Samsel: Back in 2014, we had already gotten the job to write Between the Lines. We got that job because we had written three spec songs to audition, and those spec songs ended up being part of the package we sent to Disney when we were auditioning to get the Olaf's Frozen Adventure job. It's very much in line with how we love to write, which is fairytale, musical, romantic, optimistic, funny, quirky. So if we hadn't had those three songs to get to Disney, I don't know that we would have gotten Olaf's Frozen Adventure. Fun fact on top of that: those three songs that we wrote to audition for Between the Lines and ended up getting the gig? Those are still in the show.

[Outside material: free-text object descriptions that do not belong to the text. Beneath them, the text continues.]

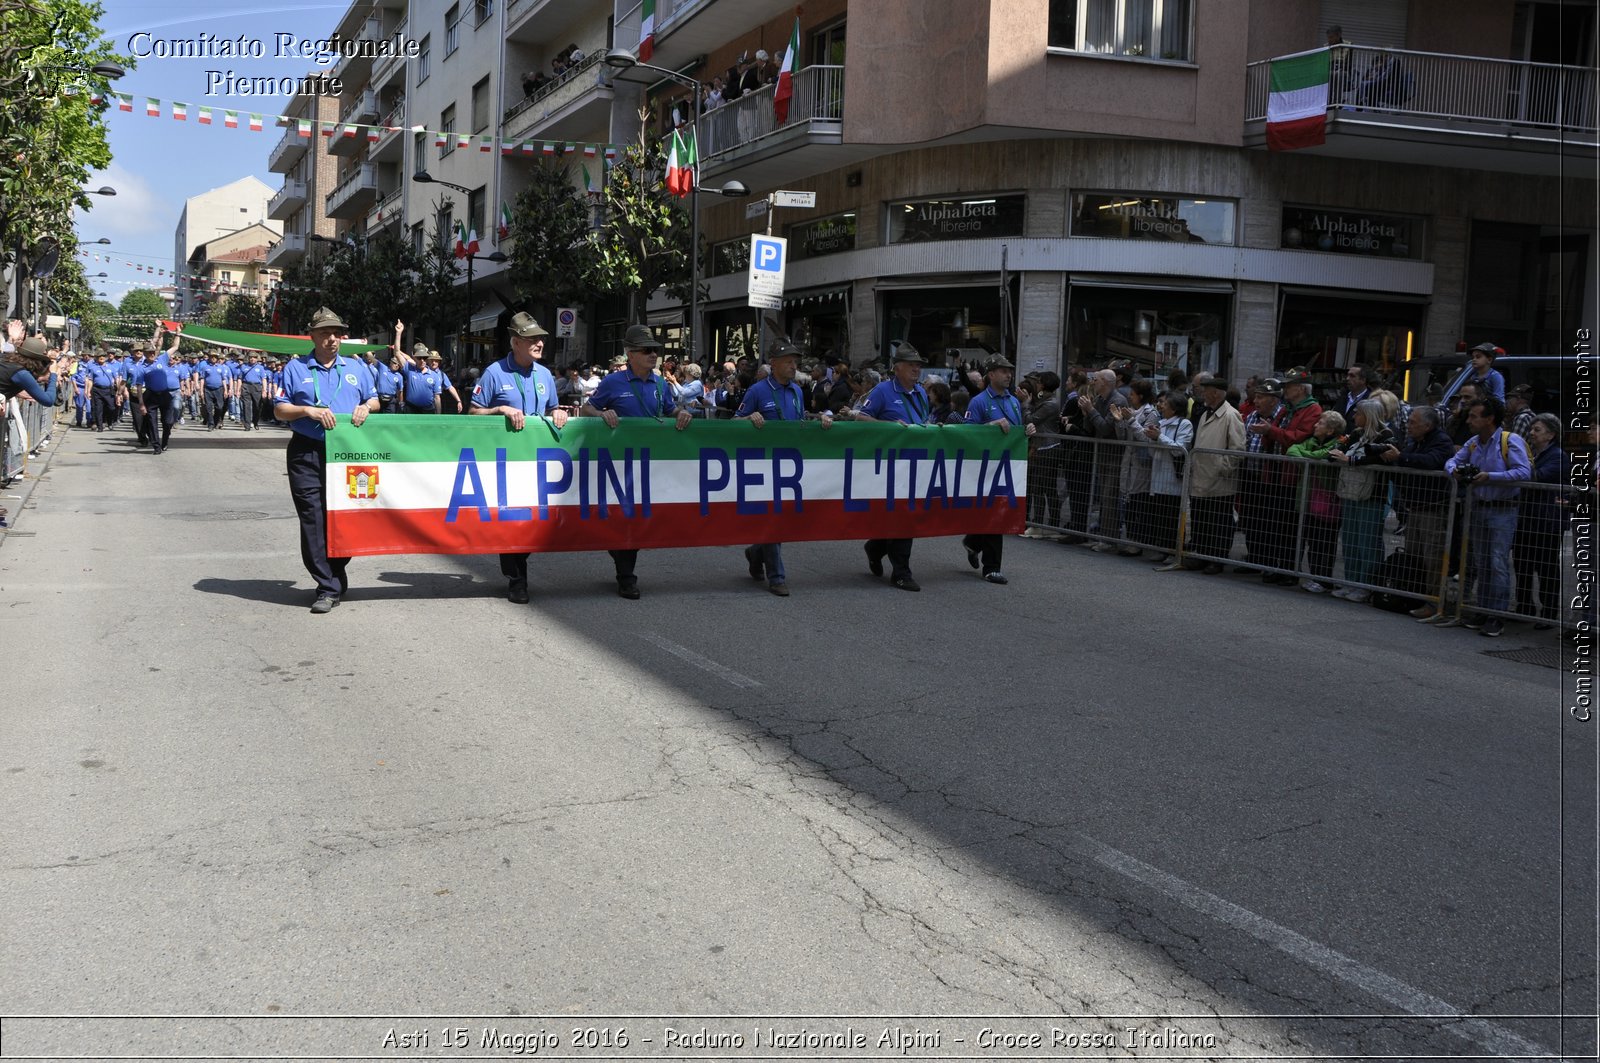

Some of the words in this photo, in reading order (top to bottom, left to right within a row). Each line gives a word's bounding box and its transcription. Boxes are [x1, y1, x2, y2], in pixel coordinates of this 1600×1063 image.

[917, 203, 997, 225] AlphaBeta
[805, 222, 848, 245] AlphaBeta
[940, 219, 982, 233] libreria
[1134, 218, 1184, 234] libreria
[1310, 215, 1396, 237] AlphaBeta
[1336, 233, 1381, 250] libreria
[760, 244, 777, 267] P
[334, 452, 392, 461] PORDENONE
[445, 447, 652, 523] ALPINI
[699, 447, 805, 517] PER
[842, 447, 1018, 512] L'ITALIA

Anderson: The very first song we wrote was Ally McAndrews — that leapt off the page at us from the book. The second song we wrote was Between the Lines, the title song, which is when Delilah and Oliver first meet. The third song was A Whole New Story, which is the end of Act 1.

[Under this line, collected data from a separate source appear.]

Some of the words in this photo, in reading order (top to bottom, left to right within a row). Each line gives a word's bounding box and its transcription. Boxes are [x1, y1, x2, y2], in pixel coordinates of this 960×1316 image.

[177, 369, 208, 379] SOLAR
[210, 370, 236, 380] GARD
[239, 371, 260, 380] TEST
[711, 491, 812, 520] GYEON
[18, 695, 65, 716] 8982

What do you want fans of your other work to know about Between the Lines?
Samsel: We've got an incredible mother-daughter story, really powerful friendships within the show, quirky characters, a message that encourages anyone to live the story they want if it's not the story they're in, and some really fresh new songs. That is rare in the theatre world right now, to have a new musical that's not based on a movie. It's important that people go and support new theatre like this if they want to see more of it, because this is a really tough time for the theatre industry. We got extremely set back due to Covid. Not only with the first production being delayed two years, but then even in this production, we got hit by Covid very hard. So if people like Olaf's Frozen Adventure, if they like Disney, if they like fresh new musicals, this is the show for them to go see and support.
Anderson: It almost feels like new original musicals are in danger of going extinct if we don't support them now. We have to continue to prove that there is a hunger and an audience for new work that's not based on a huge title equity, or written by a huge, gigantic pop star. I think that audience is out there. This is the time that we really need people to buy tickets, buy them ahead of time, prove that that new musicals are still truly the heartbeat of why people love Broadway. It's truly the heartbeat of why theatre is so important, because it's new stories, it's new voices, and it's new perspectives.
This interview has been condensed and edited for length and clarity.